Salvation Army offers soup on rotting block, six thousand beggars groan at a meal of hopeful beans.

February 2, 1956

Tears

I’m crying all the time now.

I cried all over the street when I left the Seattle Wobbly Hall.

I cried listening to Bach.

I cried looking at the happy flowers in my backyard, I cried at the sadness of the middle-aged trees.

Happiness exists I feel it.

I cried for my soul, I cried for the world’s soul.

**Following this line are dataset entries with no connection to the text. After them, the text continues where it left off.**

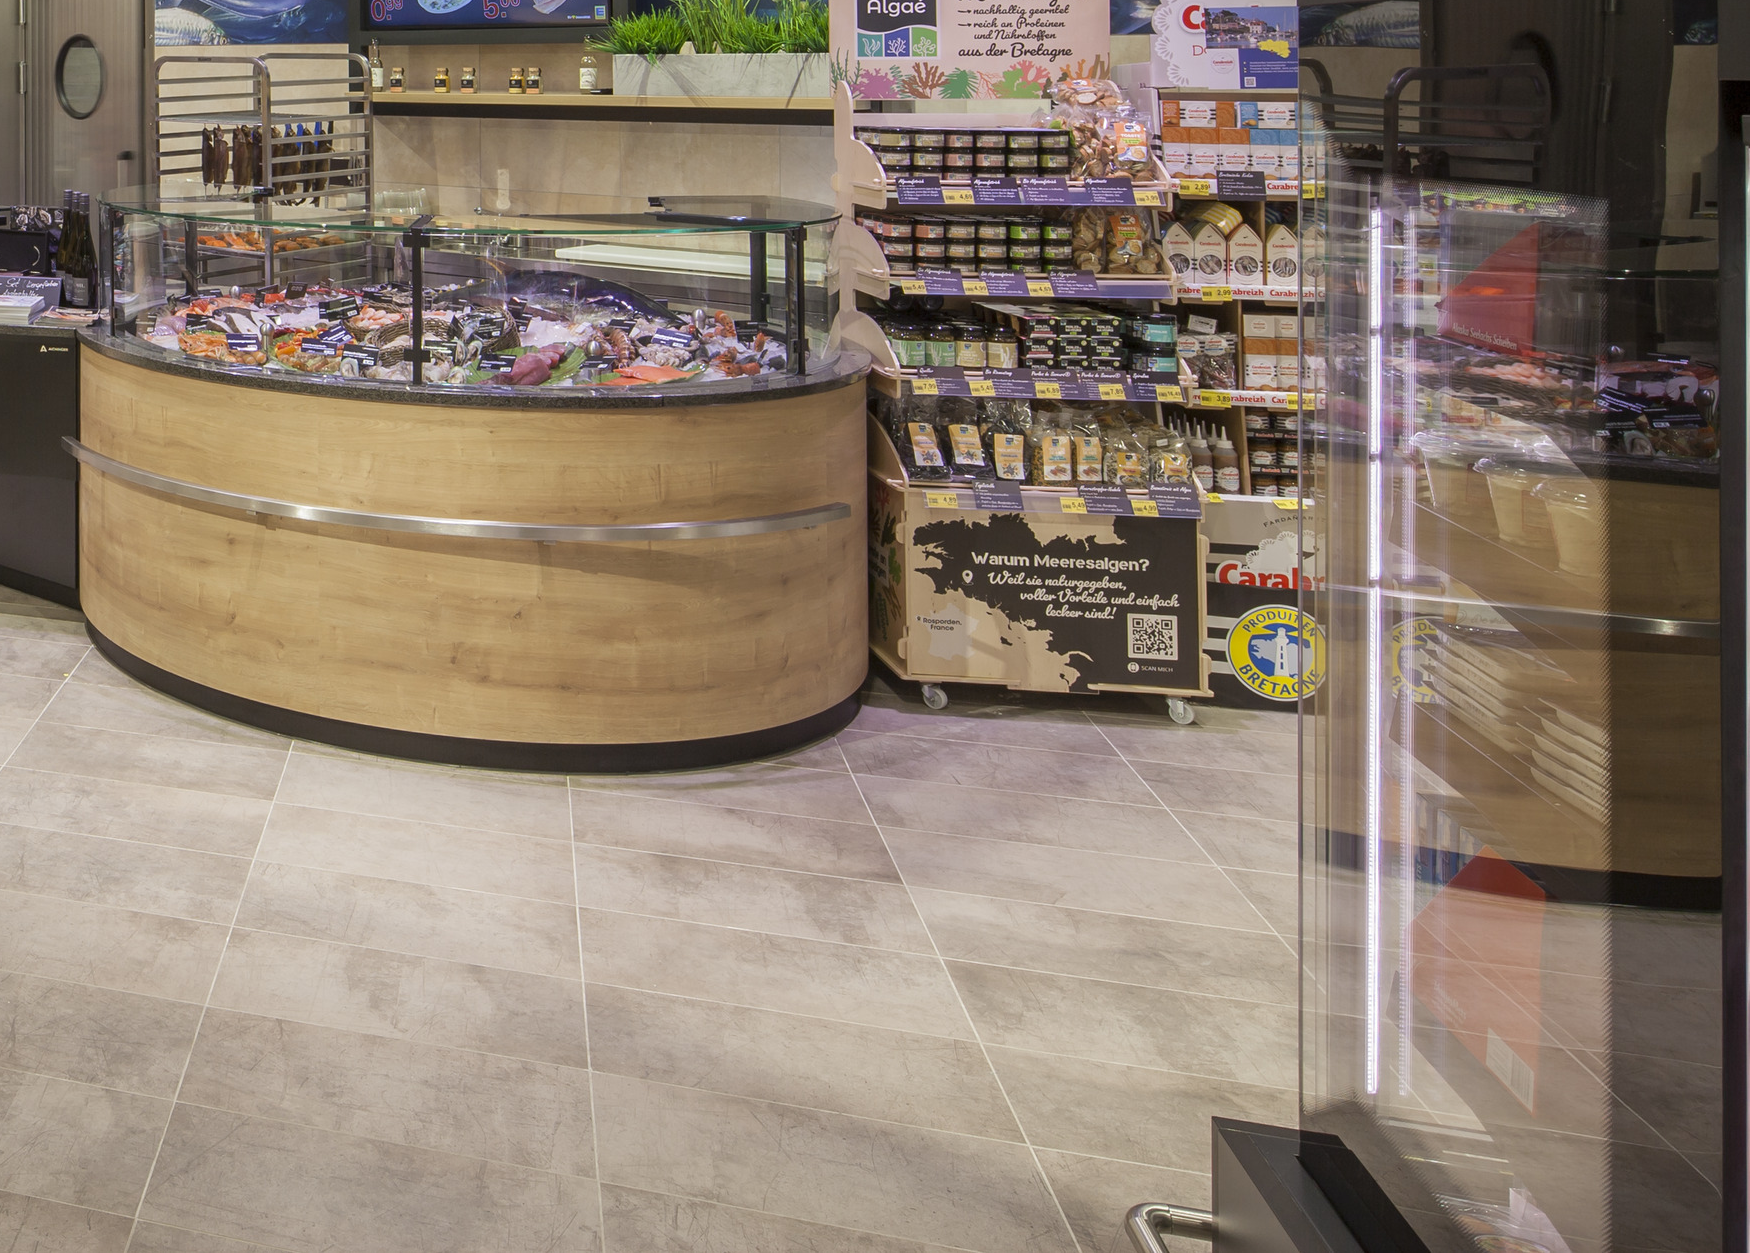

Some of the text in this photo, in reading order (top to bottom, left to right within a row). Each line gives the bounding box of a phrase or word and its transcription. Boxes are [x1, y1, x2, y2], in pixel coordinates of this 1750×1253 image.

[973, 4, 1070, 18] nachhaltig geerntet
[973, 17, 1066, 30] reich an Proteinen
[973, 29, 1057, 42] und Nährstoffen
[958, 42, 1073, 63] aus der Bretagne
[1194, 183, 1209, 192] 2,89
[1267, 182, 1299, 191] Carabre
[1232, 288, 1264, 296] arabreizh
[1452, 322, 1518, 351] Alaska Seelachs Scheiben
[1216, 395, 1231, 403] 3,89
[1231, 395, 1266, 404] rabreizh
[971, 551, 1150, 573] Warum Meeresalgen?
[987, 571, 1127, 593] Weil sie naturgegeben,
[1020, 590, 1181, 611] voller Vorteile und einfach
[1045, 604, 1117, 620] lecker sind!
[922, 617, 963, 627] Rosporden,
[930, 624, 955, 632] France
[1242, 610, 1300, 633] PRODUIT
[1140, 665, 1157, 673] SCAN

The world has a beautiful soul.

God appearing to be seen and cried over. Overflowing heart of Paterson.

Seattle, February 2, 1956

Scribble

Rexroth’s face reflecting human

     tired bliss

White haired, wing browed

     gas mustache,

          flowers jet out of

               his sad head,

listening to Edith Piaf street song

     as she walks the universe

               with all life gone

               and cities disappeared

                    only the God of Love

                         left smiling.

Berkeley, March 1956

In the Baggage Room at Greyhound

I

In the depths of the Greyhound Terminal

sitting dumbly on a baggage truck looking at the sky waiting for the Los Angeles Express to depart

worrying about eternity over the Post Office roof in the night-time red downtown heaven,

staring through my eyeglasses I realized shuddering these thoughts were not eternity, nor the poverty of our lives, irritable baggage clerks,

nor the millions of weeping relatives surrounding the buses waving goodbye,

nor other millions of the poor rushing around from city to city to see their loved ones,

nor an indian dead with fright talking to a huge cop by the Coke machine,

nor this trembling old lady with a cane taking the last trip of her life,

nor the red-capped cynical porter collecting his quarters and smiling over the smashed baggage,

nor me looking around at the horrible dream,

nor mustached negro Operating Clerk named Spade, dealing out with his marvelous long hand the fate of thousands of express packages,

nor fairy Sam in the basement limping from leaden trunk to trunk,

nor Joe at the counter with his nervous breakdown smiling cowardly at the customers,

nor the grayish-green whale’s stomach interior loft where we keep the baggage in hideous racks,

hundreds of suitcases full of tragedy rocking back and forth waiting to be opened,

nor the baggage that’s lost, nor damaged handles, nameplates vanished, busted wires & broken ropes, whole trunks exploding on the concrete floor,

nor seabags emptied into the night in the final warehouse.

II

Yet Spade reminded me of Angel, unloading a bus,

dressed in blue overalls black face official Angel’s workman cap,

pushing with his belly a huge tin horse piled high with black baggage,

looking up as he passed the yellow light bulb of the loft

and holding high on his arm an iron shepherd’s crook.

III

It was the racks, I realized, sitting myself on top of them now as is my wont at lunchtime to rest my tired foot,

it was the racks, great wooden shelves and stanchions posts and beams assembled floor to roof jumbled with baggage,

—the Japanese white metal postwar trunk gaudily flowered & headed for Fort Bragg,

one Mexican green paper package in purple rope adorned with names for Nogales,

hundreds of radiators all at once for Eureka,

crates of Hawaiian underwear,

rolls of posters scattered over the Peninsula, nuts to Sacramento,

one human eye for Napa,

an aluminum box of human blood for Stockton

and a little red package of teeth for Calistoga—

it was the racks and these on the racks I saw naked in electric light the night before I quit,

the racks were created to hang our possessions, to keep us together, a temporary shift in space,

God’s only way of building the rickety structure of Time, to hold the bags to send on the roads, to carry our luggage from place to place looking for a bus to ride us back home to Eternity where the heart was left and farewell tears began.

IV

A swarm of baggage sitting by the counter as the transcontinental bus pulls in.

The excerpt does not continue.